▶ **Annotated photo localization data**
------------------------------------------------------------------------
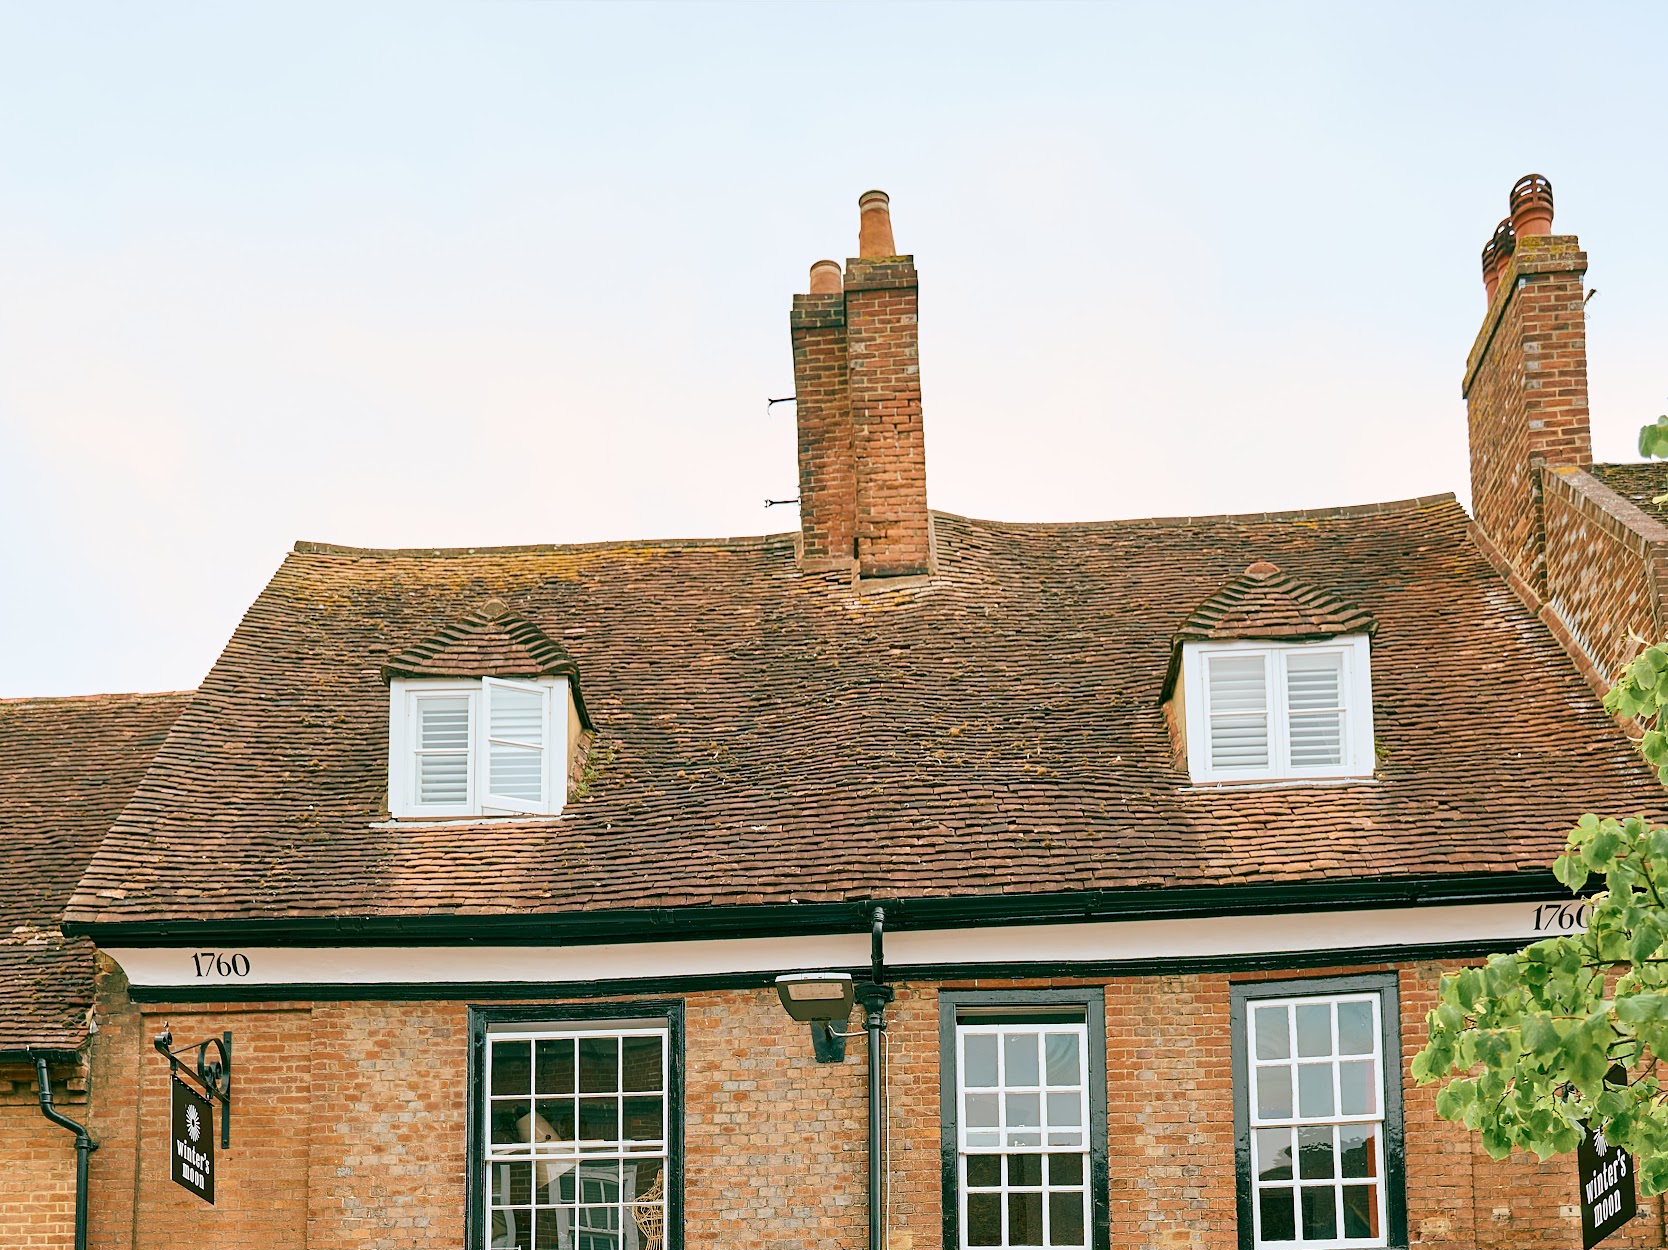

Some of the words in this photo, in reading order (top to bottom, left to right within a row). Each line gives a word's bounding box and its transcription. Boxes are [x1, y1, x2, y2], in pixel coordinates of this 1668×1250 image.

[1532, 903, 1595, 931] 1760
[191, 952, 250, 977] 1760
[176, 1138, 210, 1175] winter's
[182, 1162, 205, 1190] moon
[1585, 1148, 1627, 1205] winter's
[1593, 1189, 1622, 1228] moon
------------------------------------------------------------------------
▶ **Your task**
All pictures are to be dropped, and the records above returned exactly.

▶ **Written answer**
Some of the words in this photo, in reading order (top to bottom, left to right within a row). Each line gives a word's bounding box and its transcription. Boxes are [x1, y1, x2, y2], in pixel coordinates of this 1668×1250 image.

[1532, 903, 1595, 931] 1760
[191, 952, 250, 977] 1760
[176, 1138, 210, 1175] winter's
[182, 1162, 205, 1190] moon
[1585, 1148, 1627, 1205] winter's
[1593, 1189, 1622, 1228] moon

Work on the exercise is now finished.